What you are asked to do ▸ Down to the last line, output the records below exactly.

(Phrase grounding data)
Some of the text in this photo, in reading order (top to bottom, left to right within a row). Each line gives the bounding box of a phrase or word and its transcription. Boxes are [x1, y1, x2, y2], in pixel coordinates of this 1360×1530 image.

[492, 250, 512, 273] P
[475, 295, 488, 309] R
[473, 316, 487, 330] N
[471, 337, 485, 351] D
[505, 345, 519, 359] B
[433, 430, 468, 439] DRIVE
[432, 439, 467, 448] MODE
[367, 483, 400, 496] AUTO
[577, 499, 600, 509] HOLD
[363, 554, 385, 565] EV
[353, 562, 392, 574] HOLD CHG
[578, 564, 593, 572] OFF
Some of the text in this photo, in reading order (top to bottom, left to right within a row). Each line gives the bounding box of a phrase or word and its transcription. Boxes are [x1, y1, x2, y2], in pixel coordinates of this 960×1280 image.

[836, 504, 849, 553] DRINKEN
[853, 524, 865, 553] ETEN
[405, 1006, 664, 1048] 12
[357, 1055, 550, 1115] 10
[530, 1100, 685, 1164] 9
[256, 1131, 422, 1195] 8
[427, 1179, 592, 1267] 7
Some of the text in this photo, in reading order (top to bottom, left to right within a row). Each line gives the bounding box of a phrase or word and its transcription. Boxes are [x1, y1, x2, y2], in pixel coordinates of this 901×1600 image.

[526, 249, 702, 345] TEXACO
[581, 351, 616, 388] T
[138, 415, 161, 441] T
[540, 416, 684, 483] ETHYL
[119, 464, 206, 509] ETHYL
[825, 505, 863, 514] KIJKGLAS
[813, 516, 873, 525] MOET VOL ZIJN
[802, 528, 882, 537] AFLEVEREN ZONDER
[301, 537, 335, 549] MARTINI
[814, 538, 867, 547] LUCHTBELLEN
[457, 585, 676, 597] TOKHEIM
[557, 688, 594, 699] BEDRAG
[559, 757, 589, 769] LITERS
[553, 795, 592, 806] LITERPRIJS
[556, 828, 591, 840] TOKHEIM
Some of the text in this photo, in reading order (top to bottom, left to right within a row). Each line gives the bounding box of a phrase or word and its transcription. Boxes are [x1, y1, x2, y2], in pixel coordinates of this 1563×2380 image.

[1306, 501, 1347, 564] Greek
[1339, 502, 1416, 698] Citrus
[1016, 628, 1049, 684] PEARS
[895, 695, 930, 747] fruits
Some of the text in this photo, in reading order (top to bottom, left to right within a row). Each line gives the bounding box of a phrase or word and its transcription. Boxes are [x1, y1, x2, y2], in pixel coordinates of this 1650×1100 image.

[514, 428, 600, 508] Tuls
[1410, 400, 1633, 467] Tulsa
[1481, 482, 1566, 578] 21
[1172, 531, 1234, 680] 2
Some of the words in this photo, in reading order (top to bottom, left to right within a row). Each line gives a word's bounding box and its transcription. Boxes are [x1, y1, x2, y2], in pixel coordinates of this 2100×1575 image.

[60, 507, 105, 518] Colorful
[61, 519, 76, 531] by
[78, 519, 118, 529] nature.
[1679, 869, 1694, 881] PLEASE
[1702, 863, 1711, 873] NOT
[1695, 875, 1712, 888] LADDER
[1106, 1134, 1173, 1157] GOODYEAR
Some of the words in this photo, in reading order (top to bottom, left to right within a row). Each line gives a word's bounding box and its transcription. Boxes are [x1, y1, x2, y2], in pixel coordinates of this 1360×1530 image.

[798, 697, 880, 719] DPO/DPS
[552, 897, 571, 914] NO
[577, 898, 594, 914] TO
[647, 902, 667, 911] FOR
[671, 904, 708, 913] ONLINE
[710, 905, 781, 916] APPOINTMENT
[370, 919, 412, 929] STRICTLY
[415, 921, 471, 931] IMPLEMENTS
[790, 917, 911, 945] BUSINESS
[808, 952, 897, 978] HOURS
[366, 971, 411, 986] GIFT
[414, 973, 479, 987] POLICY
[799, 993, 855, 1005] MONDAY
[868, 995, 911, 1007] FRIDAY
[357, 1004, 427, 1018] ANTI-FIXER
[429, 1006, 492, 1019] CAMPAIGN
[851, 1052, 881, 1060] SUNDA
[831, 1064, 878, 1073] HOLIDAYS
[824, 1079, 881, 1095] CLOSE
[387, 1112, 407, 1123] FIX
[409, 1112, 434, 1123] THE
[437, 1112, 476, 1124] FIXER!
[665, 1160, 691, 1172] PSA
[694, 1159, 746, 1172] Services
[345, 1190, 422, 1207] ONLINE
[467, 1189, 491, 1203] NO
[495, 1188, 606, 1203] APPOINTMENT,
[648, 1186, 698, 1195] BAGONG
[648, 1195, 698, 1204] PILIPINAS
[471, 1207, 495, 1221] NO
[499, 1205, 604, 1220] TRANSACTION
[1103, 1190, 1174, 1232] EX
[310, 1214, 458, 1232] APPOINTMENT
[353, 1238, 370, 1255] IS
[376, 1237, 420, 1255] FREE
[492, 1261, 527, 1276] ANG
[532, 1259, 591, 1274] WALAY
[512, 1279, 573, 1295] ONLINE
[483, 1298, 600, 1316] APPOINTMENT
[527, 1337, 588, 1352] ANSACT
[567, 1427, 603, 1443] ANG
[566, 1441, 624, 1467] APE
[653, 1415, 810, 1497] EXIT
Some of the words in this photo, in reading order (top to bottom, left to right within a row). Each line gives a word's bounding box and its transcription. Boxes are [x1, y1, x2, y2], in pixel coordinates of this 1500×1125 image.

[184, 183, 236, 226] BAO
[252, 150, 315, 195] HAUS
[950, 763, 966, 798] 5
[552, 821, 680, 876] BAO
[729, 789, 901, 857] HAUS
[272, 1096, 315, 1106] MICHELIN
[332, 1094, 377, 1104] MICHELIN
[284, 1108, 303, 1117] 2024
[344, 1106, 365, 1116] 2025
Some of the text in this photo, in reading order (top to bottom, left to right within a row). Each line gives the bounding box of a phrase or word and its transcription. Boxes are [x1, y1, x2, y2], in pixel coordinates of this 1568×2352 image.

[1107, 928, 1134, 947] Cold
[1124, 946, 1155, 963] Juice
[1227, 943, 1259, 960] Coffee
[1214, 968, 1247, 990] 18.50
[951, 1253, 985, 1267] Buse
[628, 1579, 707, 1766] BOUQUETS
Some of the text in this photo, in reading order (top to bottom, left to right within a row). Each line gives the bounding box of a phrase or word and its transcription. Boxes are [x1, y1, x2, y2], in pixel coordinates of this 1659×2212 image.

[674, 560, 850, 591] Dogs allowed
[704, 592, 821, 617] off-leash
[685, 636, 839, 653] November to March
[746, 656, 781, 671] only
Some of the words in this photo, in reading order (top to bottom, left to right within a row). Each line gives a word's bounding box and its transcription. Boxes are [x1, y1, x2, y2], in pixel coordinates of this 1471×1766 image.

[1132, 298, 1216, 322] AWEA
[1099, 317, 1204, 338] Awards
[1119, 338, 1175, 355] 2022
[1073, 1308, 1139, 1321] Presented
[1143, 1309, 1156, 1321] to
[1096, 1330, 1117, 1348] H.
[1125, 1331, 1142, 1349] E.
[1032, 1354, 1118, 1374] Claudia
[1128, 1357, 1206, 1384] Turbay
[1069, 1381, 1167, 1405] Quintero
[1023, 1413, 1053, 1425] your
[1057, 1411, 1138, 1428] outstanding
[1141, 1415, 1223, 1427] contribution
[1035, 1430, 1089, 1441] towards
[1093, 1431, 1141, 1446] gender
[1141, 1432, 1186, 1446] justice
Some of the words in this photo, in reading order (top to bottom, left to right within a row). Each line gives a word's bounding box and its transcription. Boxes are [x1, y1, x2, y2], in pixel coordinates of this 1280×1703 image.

Answer area ▸
Some of the text in this photo, in reading order (top to bottom, left to right within a row). Each line gives the bounding box of a phrase or word and its transcription. Boxes are [x1, y1, x2, y2], in pixel coordinates of this 1360×1530 image.

[492, 250, 512, 273] P
[475, 295, 488, 309] R
[473, 316, 487, 330] N
[471, 337, 485, 351] D
[505, 345, 519, 359] B
[433, 430, 468, 439] DRIVE
[432, 439, 467, 448] MODE
[367, 483, 400, 496] AUTO
[577, 499, 600, 509] HOLD
[363, 554, 385, 565] EV
[353, 562, 392, 574] HOLD CHG
[578, 564, 593, 572] OFF
Some of the text in this photo, in reading order (top to bottom, left to right within a row). Each line gives the bounding box of a phrase or word and its transcription. Boxes are [x1, y1, x2, y2], in pixel coordinates of this 960×1280 image.

[836, 504, 849, 553] DRINKEN
[853, 524, 865, 553] ETEN
[405, 1006, 664, 1048] 12
[357, 1055, 550, 1115] 10
[530, 1100, 685, 1164] 9
[256, 1131, 422, 1195] 8
[427, 1179, 592, 1267] 7
Some of the text in this photo, in reading order (top to bottom, left to right within a row). Each line gives the bounding box of a phrase or word and its transcription. Boxes are [x1, y1, x2, y2], in pixel coordinates of this 901×1600 image.

[526, 249, 702, 345] TEXACO
[581, 351, 616, 388] T
[138, 415, 161, 441] T
[540, 416, 684, 483] ETHYL
[119, 464, 206, 509] ETHYL
[825, 505, 863, 514] KIJKGLAS
[813, 516, 873, 525] MOET VOL ZIJN
[802, 528, 882, 537] AFLEVEREN ZONDER
[301, 537, 335, 549] MARTINI
[814, 538, 867, 547] LUCHTBELLEN
[457, 585, 676, 597] TOKHEIM
[557, 688, 594, 699] BEDRAG
[559, 757, 589, 769] LITERS
[553, 795, 592, 806] LITERPRIJS
[556, 828, 591, 840] TOKHEIM
Some of the text in this photo, in reading order (top to bottom, left to right within a row). Each line gives the bounding box of a phrase or word and its transcription. Boxes are [x1, y1, x2, y2], in pixel coordinates of this 1563×2380 image.

[1306, 501, 1347, 564] Greek
[1339, 502, 1416, 698] Citrus
[1016, 628, 1049, 684] PEARS
[895, 695, 930, 747] fruits
Some of the text in this photo, in reading order (top to bottom, left to right within a row). Each line gives the bounding box of a phrase or word and its transcription. Boxes are [x1, y1, x2, y2], in pixel coordinates of this 1650×1100 image.

[514, 428, 600, 508] Tuls
[1410, 400, 1633, 467] Tulsa
[1481, 482, 1566, 578] 21
[1172, 531, 1234, 680] 2
Some of the words in this photo, in reading order (top to bottom, left to right within a row). Each line gives a word's bounding box and its transcription. Boxes are [x1, y1, x2, y2], in pixel coordinates of this 2100×1575 image.

[60, 507, 105, 518] Colorful
[61, 519, 76, 531] by
[78, 519, 118, 529] nature.
[1679, 869, 1694, 881] PLEASE
[1702, 863, 1711, 873] NOT
[1695, 875, 1712, 888] LADDER
[1106, 1134, 1173, 1157] GOODYEAR
Some of the words in this photo, in reading order (top to bottom, left to right within a row). Each line gives a word's bounding box and its transcription. Boxes are [x1, y1, x2, y2], in pixel coordinates of this 1360×1530 image.

[798, 697, 880, 719] DPO/DPS
[552, 897, 571, 914] NO
[577, 898, 594, 914] TO
[647, 902, 667, 911] FOR
[671, 904, 708, 913] ONLINE
[710, 905, 781, 916] APPOINTMENT
[370, 919, 412, 929] STRICTLY
[415, 921, 471, 931] IMPLEMENTS
[790, 917, 911, 945] BUSINESS
[808, 952, 897, 978] HOURS
[366, 971, 411, 986] GIFT
[414, 973, 479, 987] POLICY
[799, 993, 855, 1005] MONDAY
[868, 995, 911, 1007] FRIDAY
[357, 1004, 427, 1018] ANTI-FIXER
[429, 1006, 492, 1019] CAMPAIGN
[851, 1052, 881, 1060] SUNDA
[831, 1064, 878, 1073] HOLIDAYS
[824, 1079, 881, 1095] CLOSE
[387, 1112, 407, 1123] FIX
[409, 1112, 434, 1123] THE
[437, 1112, 476, 1124] FIXER!
[665, 1160, 691, 1172] PSA
[694, 1159, 746, 1172] Services
[345, 1190, 422, 1207] ONLINE
[467, 1189, 491, 1203] NO
[495, 1188, 606, 1203] APPOINTMENT,
[648, 1186, 698, 1195] BAGONG
[648, 1195, 698, 1204] PILIPINAS
[471, 1207, 495, 1221] NO
[499, 1205, 604, 1220] TRANSACTION
[1103, 1190, 1174, 1232] EX
[310, 1214, 458, 1232] APPOINTMENT
[353, 1238, 370, 1255] IS
[376, 1237, 420, 1255] FREE
[492, 1261, 527, 1276] ANG
[532, 1259, 591, 1274] WALAY
[512, 1279, 573, 1295] ONLINE
[483, 1298, 600, 1316] APPOINTMENT
[527, 1337, 588, 1352] ANSACT
[567, 1427, 603, 1443] ANG
[566, 1441, 624, 1467] APE
[653, 1415, 810, 1497] EXIT
Some of the words in this photo, in reading order (top to bottom, left to right within a row). Each line gives a word's bounding box and its transcription. Boxes are [x1, y1, x2, y2], in pixel coordinates of this 1500×1125 image.

[184, 183, 236, 226] BAO
[252, 150, 315, 195] HAUS
[950, 763, 966, 798] 5
[552, 821, 680, 876] BAO
[729, 789, 901, 857] HAUS
[272, 1096, 315, 1106] MICHELIN
[332, 1094, 377, 1104] MICHELIN
[284, 1108, 303, 1117] 2024
[344, 1106, 365, 1116] 2025
Some of the text in this photo, in reading order (top to bottom, left to right within a row). Each line gives the bounding box of a phrase or word and its transcription. Boxes are [x1, y1, x2, y2], in pixel coordinates of this 1568×2352 image.

[1107, 928, 1134, 947] Cold
[1124, 946, 1155, 963] Juice
[1227, 943, 1259, 960] Coffee
[1214, 968, 1247, 990] 18.50
[951, 1253, 985, 1267] Buse
[628, 1579, 707, 1766] BOUQUETS
Some of the text in this photo, in reading order (top to bottom, left to right within a row). Each line gives the bounding box of a phrase or word and its transcription. Boxes are [x1, y1, x2, y2], in pixel coordinates of this 1659×2212 image.

[674, 560, 850, 591] Dogs allowed
[704, 592, 821, 617] off-leash
[685, 636, 839, 653] November to March
[746, 656, 781, 671] only
Some of the words in this photo, in reading order (top to bottom, left to right within a row). Each line gives a word's bounding box and its transcription. Boxes are [x1, y1, x2, y2], in pixel coordinates of this 1471×1766 image.

[1132, 298, 1216, 322] AWEA
[1099, 317, 1204, 338] Awards
[1119, 338, 1175, 355] 2022
[1073, 1308, 1139, 1321] Presented
[1143, 1309, 1156, 1321] to
[1096, 1330, 1117, 1348] H.
[1125, 1331, 1142, 1349] E.
[1032, 1354, 1118, 1374] Claudia
[1128, 1357, 1206, 1384] Turbay
[1069, 1381, 1167, 1405] Quintero
[1023, 1413, 1053, 1425] your
[1057, 1411, 1138, 1428] outstanding
[1141, 1415, 1223, 1427] contribution
[1035, 1430, 1089, 1441] towards
[1093, 1431, 1141, 1446] gender
[1141, 1432, 1186, 1446] justice
Some of the words in this photo, in reading order (top to bottom, left to right within a row). Each line gives a word's bounding box and its transcription. Boxes are [x1, y1, x2, y2], in pixel coordinates of this 1280×1703 image.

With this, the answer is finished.